The second of each pair of commands calls the RefreshSheets subroutine with the name of the query sheet (in quotes) as the argument. It calls RefreshSheets once for each query sheet. As noted earlier, Collector’s code actually calls this subroutine eight times but I don’t want to subject you to all eight calls here—what happens is largely the same in each call. The RefreshSheets subroutine is shown and described following this description of the main GetNewData subroutine.
NextRow = ThisWorkbook.Sheets("Summary").Cells(Rows.Count, 1).End(xlUp).Row + 1
After the query for the eighth query sheet is complete, the code needs to find the next available row on the Summary sheet so that it can write the new data from the queries to that sheet without overwriting existing records. Here’s how it does that.
If you’re using an Excel worksheet directly, one of the ways to move around is with Ctrl + arrow, where arrow means up or down arrow, right or left arrow. If the active cell is in a column of data, for example, you can find the last contiguous non-empty cell with Ctrl + Down Arrow. If you’re at the bottom of a column, something such as A1048576, and that cell is empty, you can find the lowermost non-blank cell with Ctrl + Up Arrow.
Using VBA, the way to emulate that keyboard action is with the End property that belongs to a cell object (really a range object because a cell is a special instance of a range). So, Cells(Rows.Count, 1).End(xlUp) tells VBA to go to the final row (Rows.Count) in Column A (1) and act as though you had pressed Ctrl + Up Arrow. That takes VBA to the lowermost non-empty cell in Column A, assuming as I do that the cell defined by the final row of Column A is itself empty. In the Collector project, I also assume that there are no extraneous values in column A between the final legitimate date and the last row of the worksheet.
Then all I have to do is get the row where the non-empty cell is found, add 1 to the row number, and I have the row number that I need to write into next. The result is assigned to the variable NextRow.
I do have to tell VBA which cell to regard as the active cell, and I do that by citing the Summary worksheet, and directing VBA’s attention to that worksheet’s final row, first column. I start things out with ThisWorkbook just in case I have more than one workbook open and some other workbook is active at the time that the code starts to run. The ThisWorkbook object specifies the workbook that contains the code that is running.
ThisWorkbook.Sheets(“Summary”).Cells(NextRow, 1) = Now
Having found the next row to write in, I put the current date and time into the Summary worksheet, in the first column of that row.

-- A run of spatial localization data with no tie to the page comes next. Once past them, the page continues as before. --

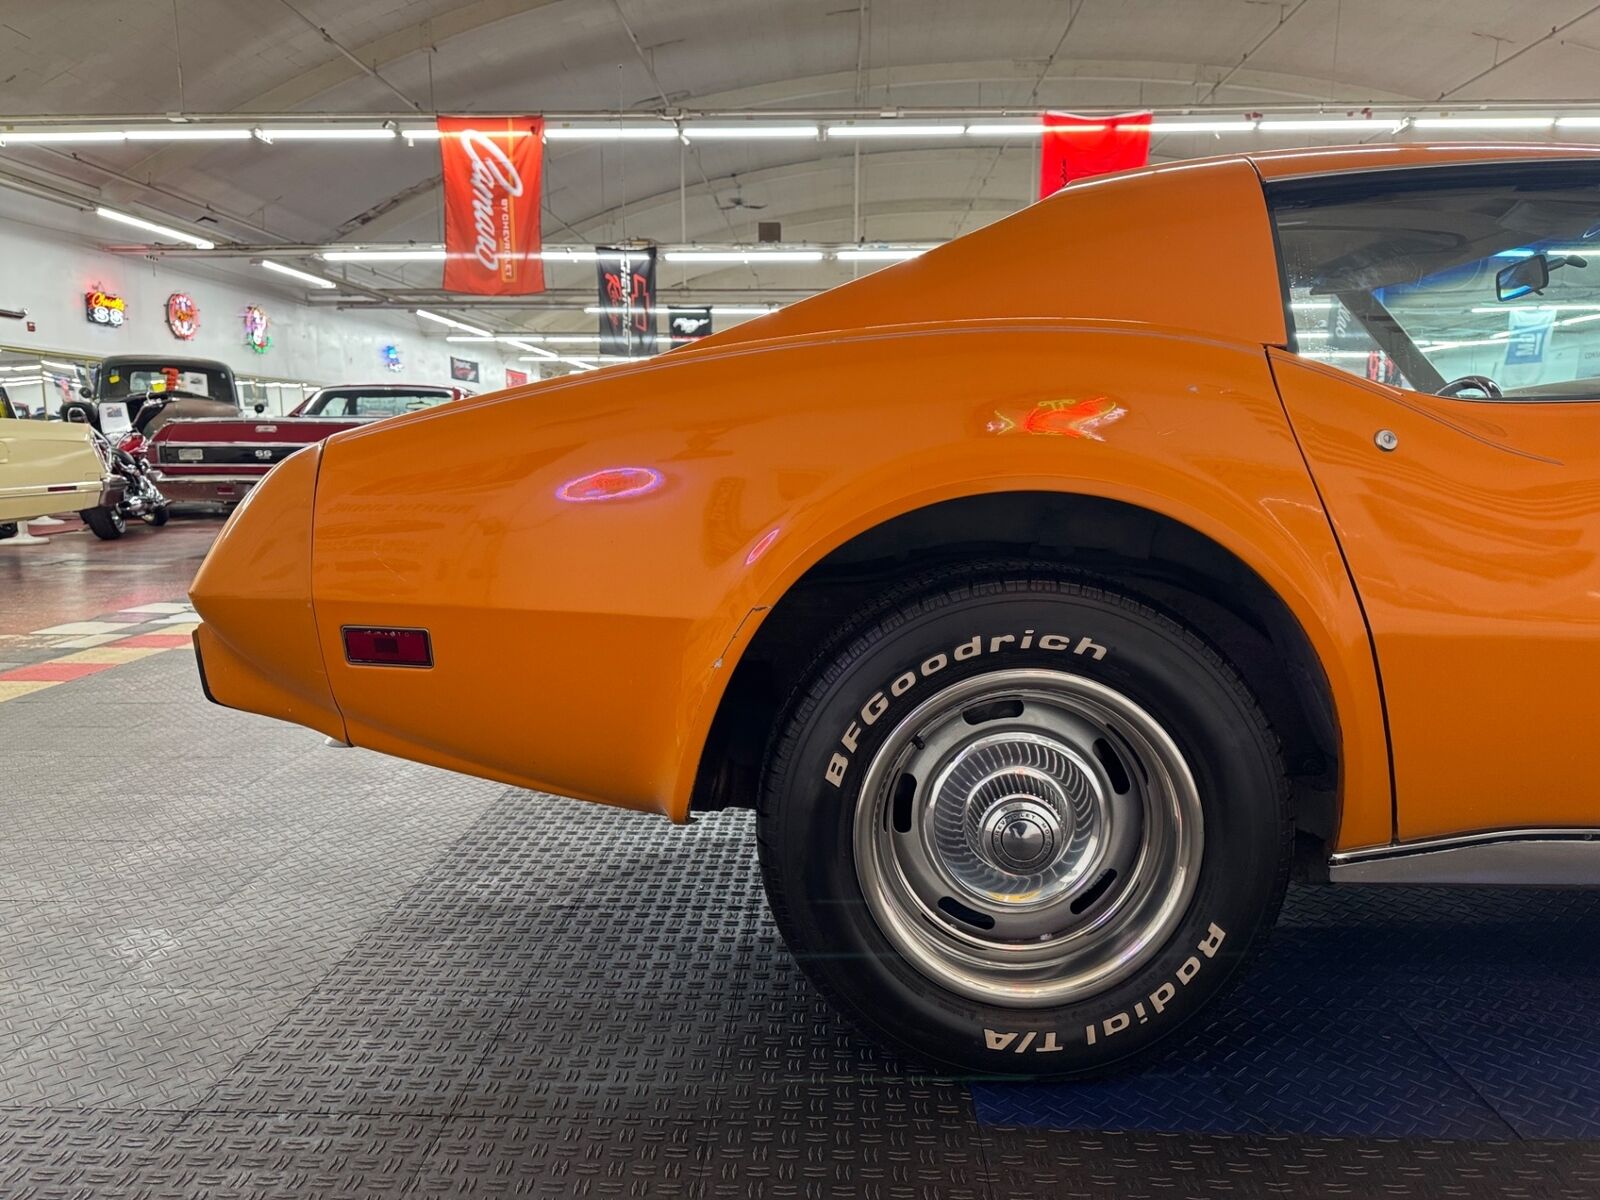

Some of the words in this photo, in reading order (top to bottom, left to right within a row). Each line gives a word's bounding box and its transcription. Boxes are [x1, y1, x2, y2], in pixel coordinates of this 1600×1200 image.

[460, 129, 524, 271] Camaro
[501, 199, 508, 214] BY
[502, 214, 512, 277] CHEVROLET
[93, 306, 124, 325] SS
[254, 449, 273, 458] SS
[824, 629, 1108, 788] BFGoodrich
[994, 813, 1036, 842] CHEVROLET
[1086, 922, 1227, 1045] Radial
[983, 1028, 1064, 1053] T/A

With ThisWorkbook.Sheets(“Summary”)
The With statement initiates a block of code in which objects that are preceded by a dot, such as .Cells(NextRow,2), are deemed by VBA to belong to the object named in the With block—here, that’s the worksheet named Summary. This convention in VBA relieves you of having to repeat the containing object over and over in a block of statements such as this one, whose end is indicated by the End With statement.

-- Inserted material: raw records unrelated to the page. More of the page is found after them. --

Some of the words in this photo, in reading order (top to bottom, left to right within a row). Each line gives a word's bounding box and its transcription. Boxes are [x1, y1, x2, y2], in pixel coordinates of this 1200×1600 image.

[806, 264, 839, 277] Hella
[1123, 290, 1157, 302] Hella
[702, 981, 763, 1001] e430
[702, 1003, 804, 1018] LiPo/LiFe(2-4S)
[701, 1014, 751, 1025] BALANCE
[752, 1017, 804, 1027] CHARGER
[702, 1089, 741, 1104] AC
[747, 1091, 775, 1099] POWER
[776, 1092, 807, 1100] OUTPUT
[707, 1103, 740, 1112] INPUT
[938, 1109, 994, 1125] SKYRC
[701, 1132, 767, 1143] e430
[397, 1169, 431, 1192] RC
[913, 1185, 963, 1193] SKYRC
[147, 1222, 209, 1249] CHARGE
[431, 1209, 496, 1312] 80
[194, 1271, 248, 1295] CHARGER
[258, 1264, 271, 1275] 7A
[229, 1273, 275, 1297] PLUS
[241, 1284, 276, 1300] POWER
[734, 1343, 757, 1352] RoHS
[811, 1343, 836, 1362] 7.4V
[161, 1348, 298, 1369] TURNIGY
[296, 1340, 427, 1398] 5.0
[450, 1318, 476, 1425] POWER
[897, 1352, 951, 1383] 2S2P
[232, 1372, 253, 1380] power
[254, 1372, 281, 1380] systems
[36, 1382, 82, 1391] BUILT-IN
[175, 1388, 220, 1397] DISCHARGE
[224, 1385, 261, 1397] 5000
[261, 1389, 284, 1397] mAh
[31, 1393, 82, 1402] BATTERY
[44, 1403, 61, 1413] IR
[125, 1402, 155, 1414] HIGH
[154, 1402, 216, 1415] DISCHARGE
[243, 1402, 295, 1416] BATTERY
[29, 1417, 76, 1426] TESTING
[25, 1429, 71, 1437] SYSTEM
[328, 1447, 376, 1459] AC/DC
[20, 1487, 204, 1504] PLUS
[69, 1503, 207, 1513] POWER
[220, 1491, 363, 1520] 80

Application.StatusBar = "Write 1"
.Cells(NextRow, 2) = GetRank("Stats", " in")
Application.StatusBar = "Write 2"
.Cells(NextRow, 3) = GetRank("Decide", " in")
The four statements just shown are repeated for the next six books, making for eight pairs of statements. The first of each pair again informs the user of the code’s progress in the status bar. The second statement in a pair tells Excel which cell to write a book’s current ranking to (for example, NextRow, 2 and NextRow, 3). The second statement also tells Excel which query sheet contains the ranking of interest ("Stats" and "Decide") as well as a pointer ("in") to help Excel find the ranking in that sheet. More on that pointer shortly.
The GetRank procedure, which is actually a function written in VBA, is discussed later in this section. The value returned by that function, which is the current sales rank of the book in question, is written to the appropriate row and column. (Column 2 is specific to and reserved for sales rankings of the book identified in the worksheet tabs as Stats. When queries on other books are run later in the code, the value assigned at that point to NextRank is written to a different column.) Because of the earlier With statement, the cell in the NextRow-th row and the second column is taken to belong to the worksheet named Summary in the workbook that contains the running code.
Continuing with the code, the next two statements—like the prior four—show the progress, get the sales rank for the book whose query sheet is named "Stats Kindle," and write the sales rank to the NextRow-th row, fourth column on the Summary sheet:
Application.StatusBar = "Write 3"
.Cells(NextRow, 4) = GetRank("Stats Kindle", " Paid in")
Notice that the second argument to the GetRank function is now "Paid in" instead of "in". The reason is that this is a Kindle book, and its Amazon web page follows the sales rank with "Paid in" rather than simply "in". The string passed to the GetRank function is used to help strip out the actual ranking from its surrounding verbiage; you find out how when we get to that function.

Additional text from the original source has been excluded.